12 de mayo de 2026
EN PROBLEMAS
Sin producción hasta noviembre: Loma Negra apaga su horno y crece la incertidumbre
En Olavarría, la histórica cementera suspende la producción por varios meses debido a los grandes costos del gas por el invierno y la gran cantidad acumulada de insumos. Sigue la crisis en la construcción a nivel nacional y provincial

La caída de la actividad en la construcción volvió a impactar de lleno en la industria pesada bonaerense. La empresa Loma Negra decidió suspender la operación de uno de sus principales hornos en la planta L’Amalí, ubicada en Olavarría, en una medida que se extendería hasta noviembre y que encendió alertas en el sector productivo y sindical.
Según confirmó la compañía, el freno responde a un combo de factores económicos: el elevado costo del gas durante el invierno y la acumulación de grandes volúmenes de insumos producto de una sobreproducción registrada meses atrás. Desde la empresa señalaron que se trata de una adecuación de la producción al contexto energético y a la actual demanda del mercado.
El horno principal permanecerá fuera de funcionamiento durante aproximadamente seis meses, una duración que excede ampliamente las habituales paradas técnicas. En condiciones normales, este tipo de interrupciones por mantenimiento ronda poco más de un mes.
Desde la Asociación Obrera Minera Argentina (AOMA) de Olavarría advirtieron que la extensión anunciada no tiene antecedentes recientes. El sindicato sostuvo que las tareas técnicas podrían realizarse en menos tiempo, pero que la decisión empresarial está vinculada al enfriamiento de la construcción y a la paralización de la obra pública nacional.
Actualmente, en el complejo industrial se almacenan más de 700 mil toneladas de clínker —el insumo base para la producción de cemento portland— fuera de los silos, volumen suficiente para sostener la elaboración de cemento aun con uno de los hornos apagados.
La planta funciona con dos líneas principales: mientras una quedará detenida hasta fin de año, la segunda también interrumpirá su actividad entre mayo y junio, con expectativa de reanudación hacia julio.
El freno productivo se da en un escenario contradictorio para el sector. Aunque algunos indicadores mostraron leves señales de recuperación mensual, la actividad continúa por debajo de los niveles del año pasado.
Los despachos de materiales para la construcción apenas registraron una mejora marginal en el primer cuatrimestre de 2026 respecto del mismo período de 2025. En paralelo, las ventas de cemento retrocedieron en abril tanto en comparación con marzo como en términos interanuales, reflejando una demanda todavía débil.
Este panorama genera incertidumbre en toda la cadena industrial vinculada a la obra privada y pública, especialmente en ciudades altamente dependientes de la actividad cementera como Olavarría.
La decisión productiva llega pocas semanas después de un cambio clave en la conducción empresaria. Tras la salida del grupo brasileño Camargo Correa, el control accionario pasó a manos del empresario argentino Marcelo Mindlin, quien asumió la presidencia de InterCement y de Loma Negra.

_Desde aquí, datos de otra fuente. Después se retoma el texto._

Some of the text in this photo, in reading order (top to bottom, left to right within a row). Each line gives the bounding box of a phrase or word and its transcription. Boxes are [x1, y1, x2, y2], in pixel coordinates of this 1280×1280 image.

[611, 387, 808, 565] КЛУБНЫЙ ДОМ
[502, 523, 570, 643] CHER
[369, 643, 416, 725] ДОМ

La nueva estructura societaria quedó integrada mayoritariamente por capitales vinculados a Mindlin y fondos internacionales de inversión, marcando el regreso de conducción local en la principal cementera del país luego de dos décadas bajo control extranjero.
Mientras la empresa apuesta a reorganizar costos y producción, en Olavarría crece la preocupación por el impacto económico y laboral que podría generar un parate industrial prolongado en una de las plantas más importantes del entramado productivo bonaerense.